**Your instructions:** Without including any pictures, please copy every entry below exactly.
--- Records for the exercise Enclosed Below ---
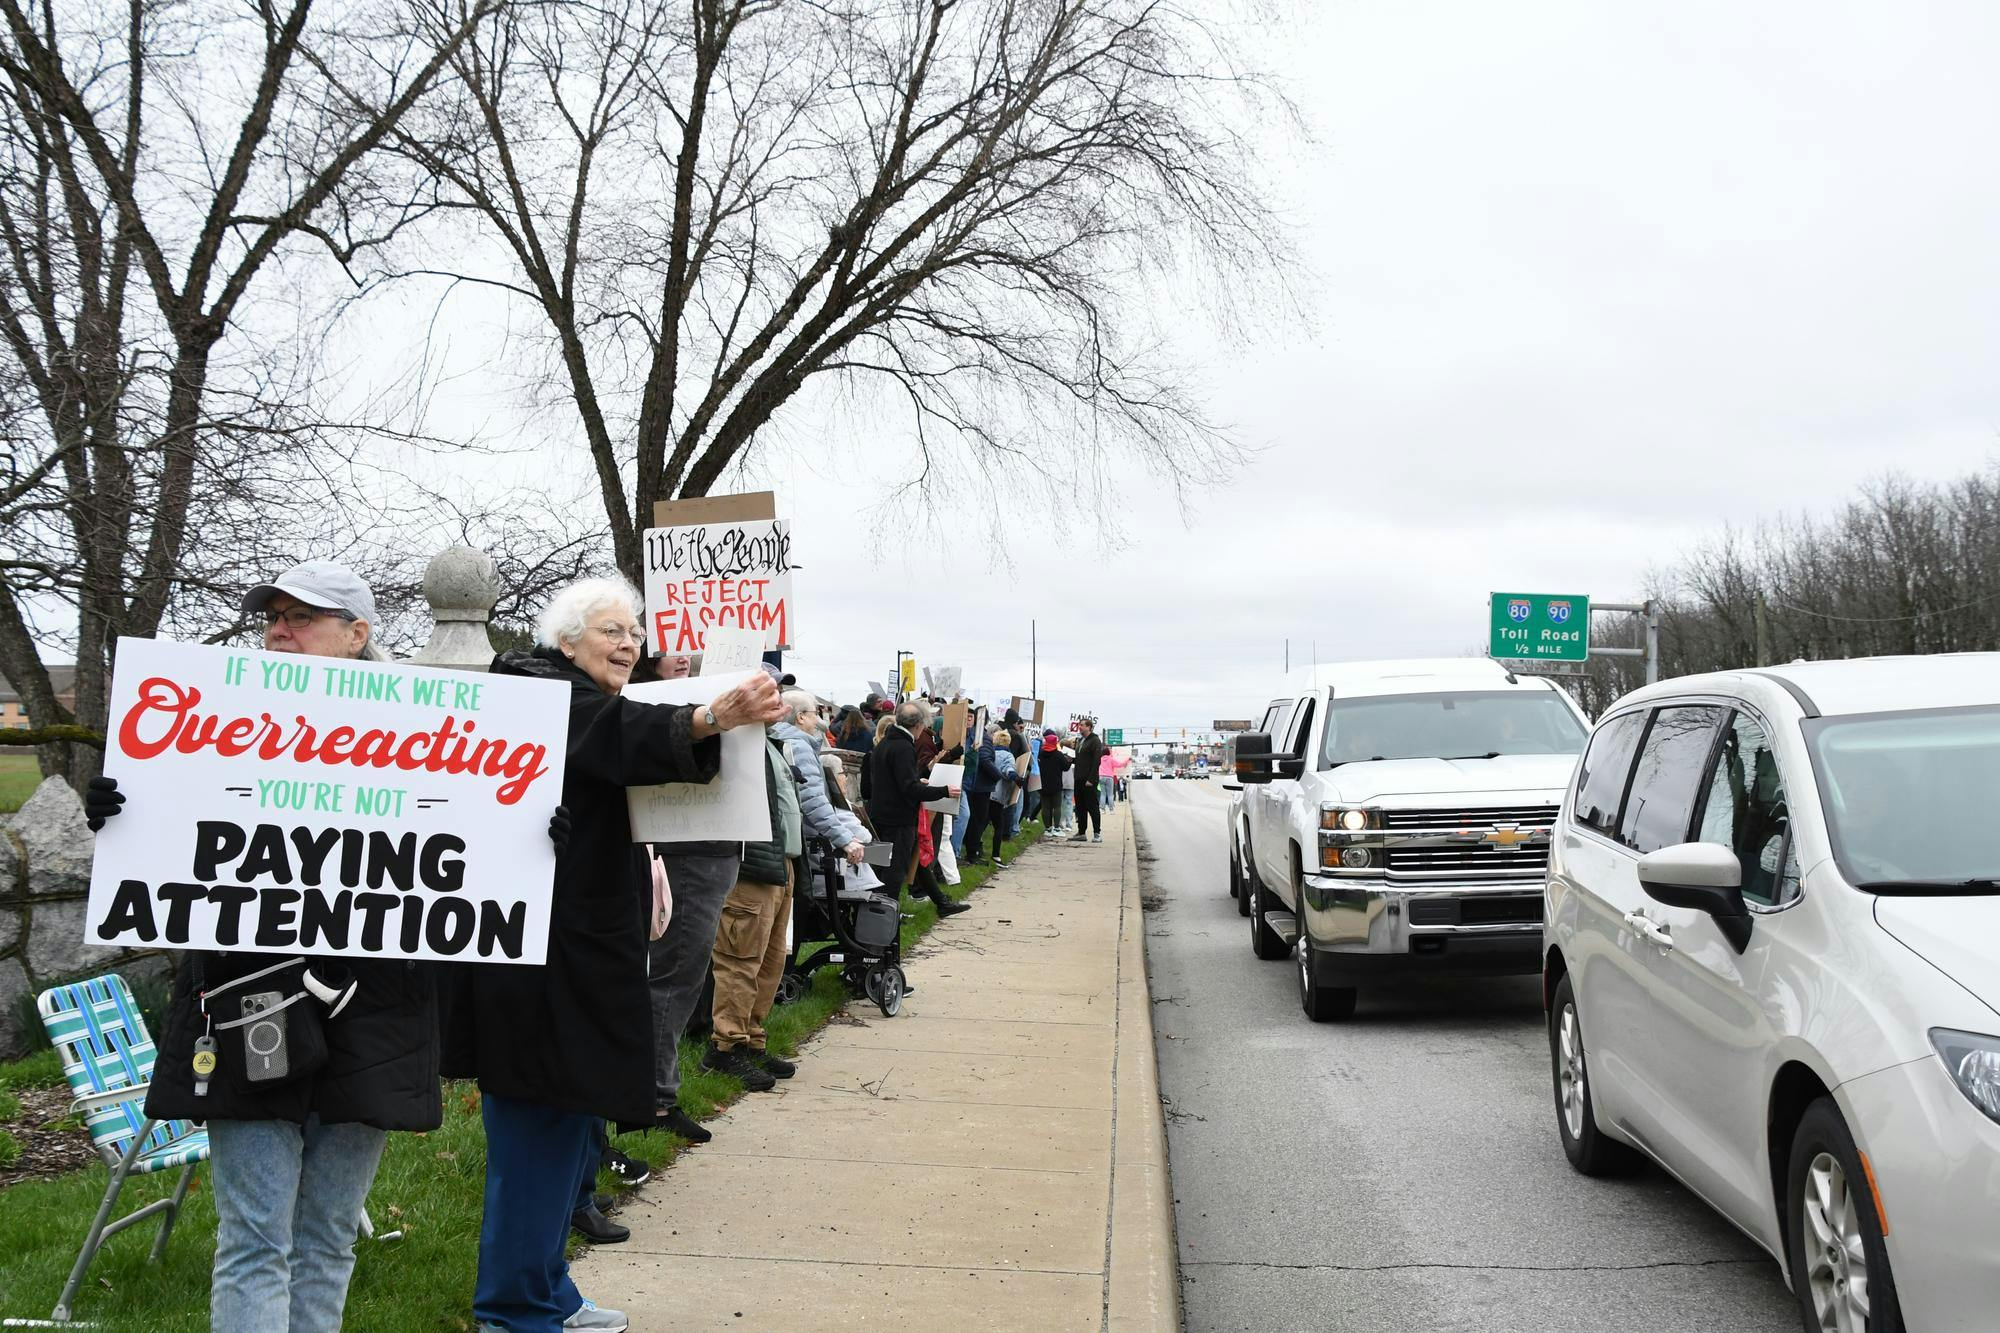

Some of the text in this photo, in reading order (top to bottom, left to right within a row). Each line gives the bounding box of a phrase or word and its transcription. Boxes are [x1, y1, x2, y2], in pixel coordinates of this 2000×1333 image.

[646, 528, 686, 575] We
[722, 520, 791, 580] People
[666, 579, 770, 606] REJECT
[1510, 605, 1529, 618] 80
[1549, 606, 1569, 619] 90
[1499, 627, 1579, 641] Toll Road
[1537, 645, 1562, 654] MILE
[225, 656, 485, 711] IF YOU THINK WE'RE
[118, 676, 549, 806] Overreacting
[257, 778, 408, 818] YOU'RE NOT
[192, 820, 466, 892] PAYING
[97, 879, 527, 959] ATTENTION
--- End of Enclosed Records for the exercise ---
**Answer space:**
Some of the text in this photo, in reading order (top to bottom, left to right within a row). Each line gives the bounding box of a phrase or word and its transcription. Boxes are [x1, y1, x2, y2], in pixel coordinates of this 2000×1333 image.

[646, 528, 686, 575] We
[722, 520, 791, 580] People
[666, 579, 770, 606] REJECT
[1510, 605, 1529, 618] 80
[1549, 606, 1569, 619] 90
[1499, 627, 1579, 641] Toll Road
[1537, 645, 1562, 654] MILE
[225, 656, 485, 711] IF YOU THINK WE'RE
[118, 676, 549, 806] Overreacting
[257, 778, 408, 818] YOU'RE NOT
[192, 820, 466, 892] PAYING
[97, 879, 527, 959] ATTENTION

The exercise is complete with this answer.